Neue Rolle von NOTCH-bezogenen langen nichtkodierenden RNA(s) als Biomarker in der Flüssigbiopsie von Patienten mit Darmkrebs

1. EINLEITUNG Hintergrund: Darmkrebs (CRC) gilt aufgrund seiner hohen Inzidenz- und Mortalitätsraten als ein großes Problem für die öffentliche Gesundheit (1). Im Jahr 2020 war CRC nach Brust- und Lungenkrebs die dritthäufigste bösartige Erkrankung, machte 10 % der Neuerkrankungen aus und lag mit 9,4 % der Todesfälle an zweiter Stelle in Bezug auf die Mortalität (2).

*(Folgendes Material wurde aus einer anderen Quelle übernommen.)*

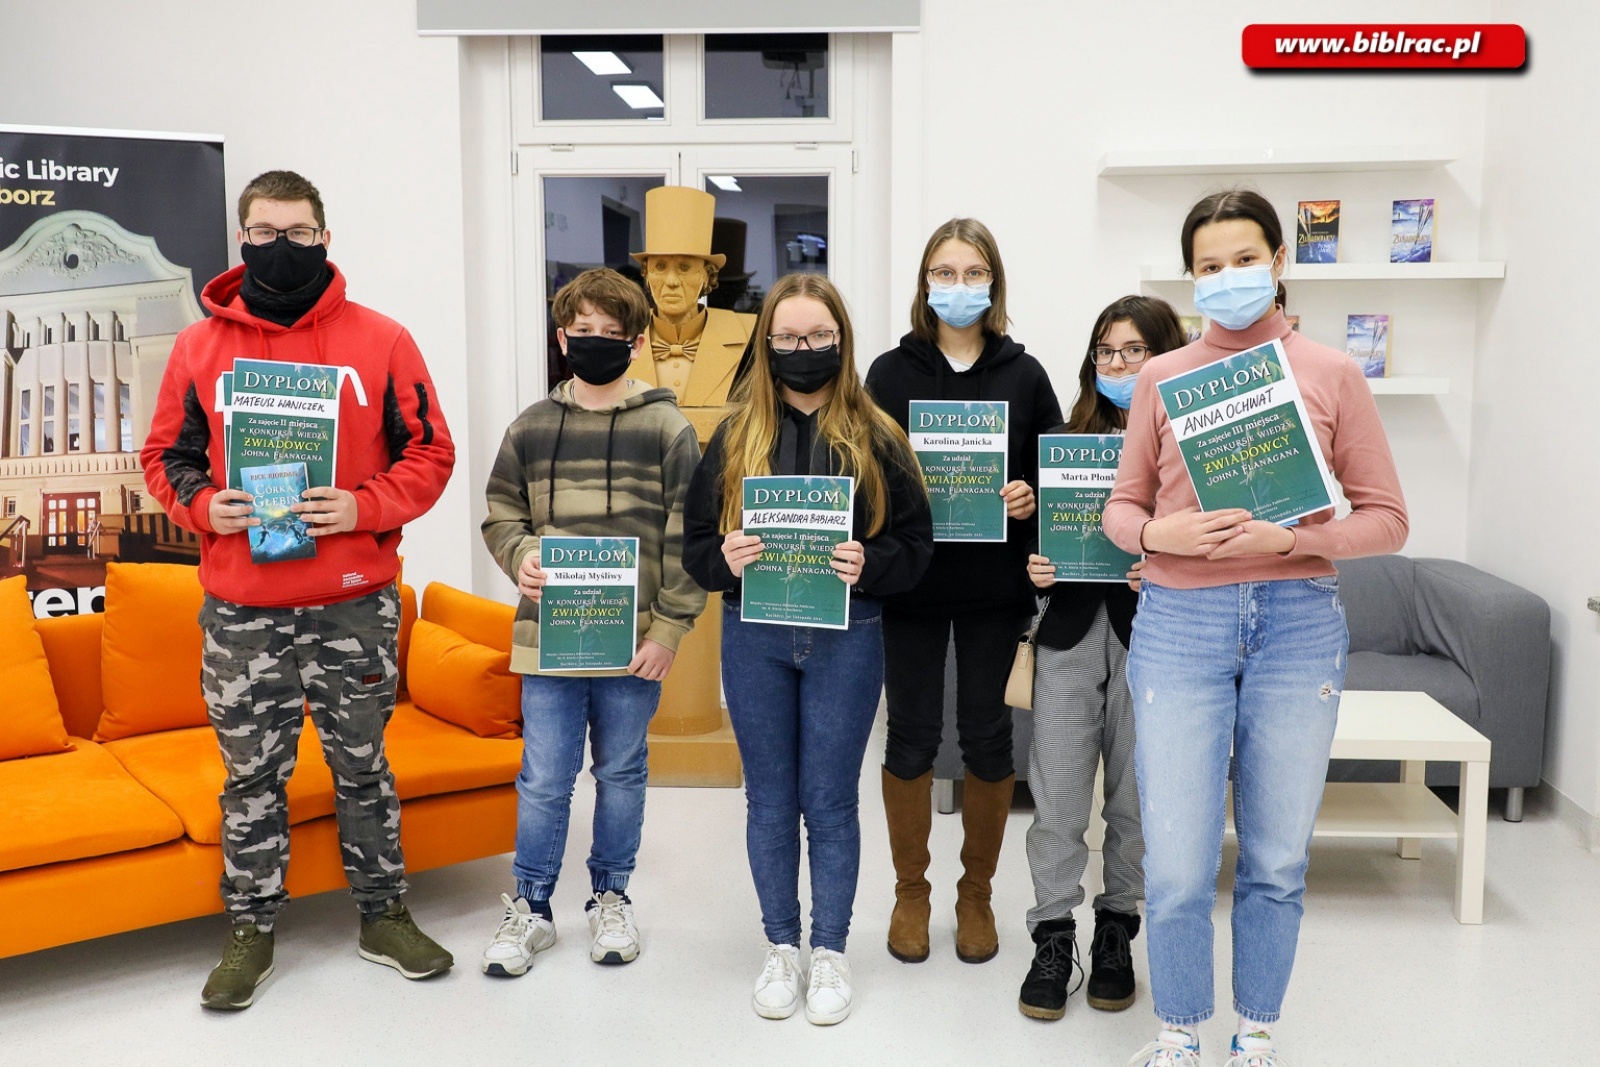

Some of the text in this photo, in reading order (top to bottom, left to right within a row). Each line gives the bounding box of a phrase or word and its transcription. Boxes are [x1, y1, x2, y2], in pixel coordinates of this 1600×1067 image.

[26, 158, 119, 188] Library
[244, 371, 328, 393] DYPLOM
[1173, 361, 1273, 411] DYPLOM
[234, 395, 325, 412] MATEUSZ WANICZEK
[1183, 387, 1274, 436] ANNA OCHWAT
[288, 420, 318, 429] miejsca
[919, 412, 997, 428] DYPLOM
[1197, 413, 1280, 448] Za zajęcie III miejsca
[923, 437, 992, 447] Karolina Janicka
[1204, 436, 1254, 459] KONKURSIE
[241, 449, 323, 462] JOHNA FLANAGANA
[952, 454, 971, 462] udział
[1206, 447, 1300, 487] JOHNA FLANAGANA
[250, 473, 266, 481] RICK
[1061, 472, 1116, 481] Marta Płonk
[255, 484, 295, 495] CÓRKA
[949, 486, 995, 495] FLANAGANA
[754, 488, 840, 505] DYPLOM
[1056, 502, 1100, 511] KONKURSIE
[749, 511, 846, 526] ALEKSANDRA BABIARZ
[1050, 524, 1078, 532] JOHNA
[771, 532, 792, 541] zajęcie
[799, 532, 829, 543] miejsca
[809, 544, 835, 552] WIEDZ
[550, 547, 627, 563] DYPLOM
[754, 564, 837, 575] JOHNA FLANAGANA
[554, 571, 622, 581] Mikołaj Myśliwy
[579, 618, 625, 627] FLANAGANA

Leider wird bis zum Jahr 2030 weltweit mit mehr als 2,2 Millionen Neuerkrankungen und 1,1 Millionen Todesfällen durch Darmkrebs gerechnet (3).

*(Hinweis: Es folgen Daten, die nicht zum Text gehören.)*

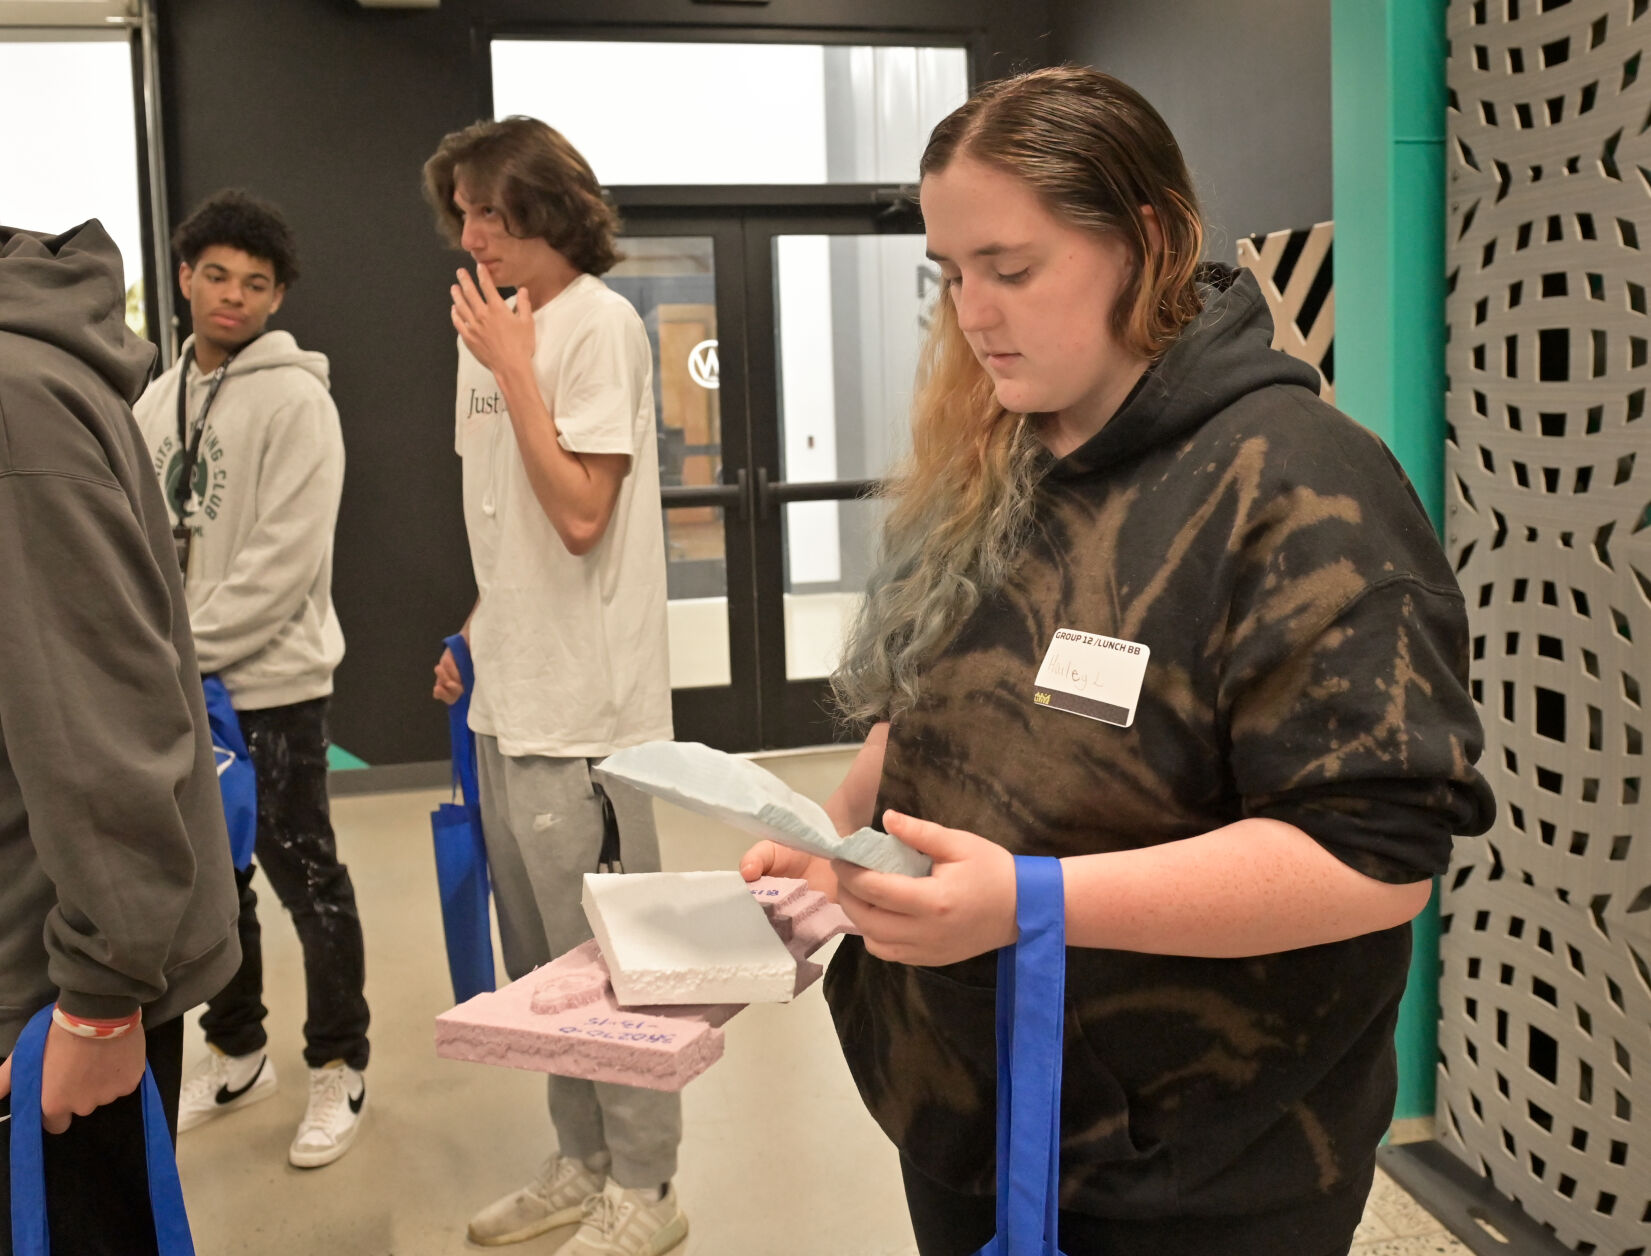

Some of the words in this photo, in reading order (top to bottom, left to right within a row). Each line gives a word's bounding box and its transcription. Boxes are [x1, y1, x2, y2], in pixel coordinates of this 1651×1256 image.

[466, 388, 500, 419] Just
[204, 469, 227, 520] CLUB
[1055, 631, 1081, 642] GROUP
[1082, 636, 1094, 645] 12
[1094, 638, 1126, 652] /LUNCH
[1127, 645, 1141, 655] BB

Problem: Trotz erheblicher Verbesserungen bei chirurgischen oder radiologischen interventionellen Behandlungsansätzen bei CRC durch neoadjuvante Therapien bleibt die Prognose der Patienten düster (4,5). Metastasen und postoperative Tumorrezidive treten häufig auf, insbesondere bei fortgeschritteneren Krebsfällen (6), was möglicherweise für die erhöhte Anzahl von Fällen und die Prognose von Todesfällen verantwortlich ist und den nationalen Bemühungen zur Umsetzung der SDGs der Egypt Vision 2030 zuwiderläuft.

Problemstellung: Herkömmlich verwendete CRC-Prognosemarker zur Überwachung des Behandlungsergebnisses und zum Hinweis auf ein erneutes Auftreten von Krebs sind Kohlenhydratantigen 19,9 (CA19,9). und/oder karzinoembryonales Antigen (CEA), die für eine effizientere und frühere Prognose nicht so empfindlich (7) sind, je nach Subklassifizierung oder Stratifizierung des Patienten im Zusammenhang mit pathologischen CRC-Merkmalen. Daher besteht eine wachsende Nachfrage nach empfindlichen und präzisen biomolekularen Markern, die besser mit CRC-Prognosemarkern und/oder dem klinischen CRC-Ergebnis korrelieren (8), d. h. im Erfolgsfall die Grundlage für „Bessere Gesundheit“ SDG Nr. 3 und weniger bilden würden Krebsrezidive und damit eine geringere Sterblichkeit.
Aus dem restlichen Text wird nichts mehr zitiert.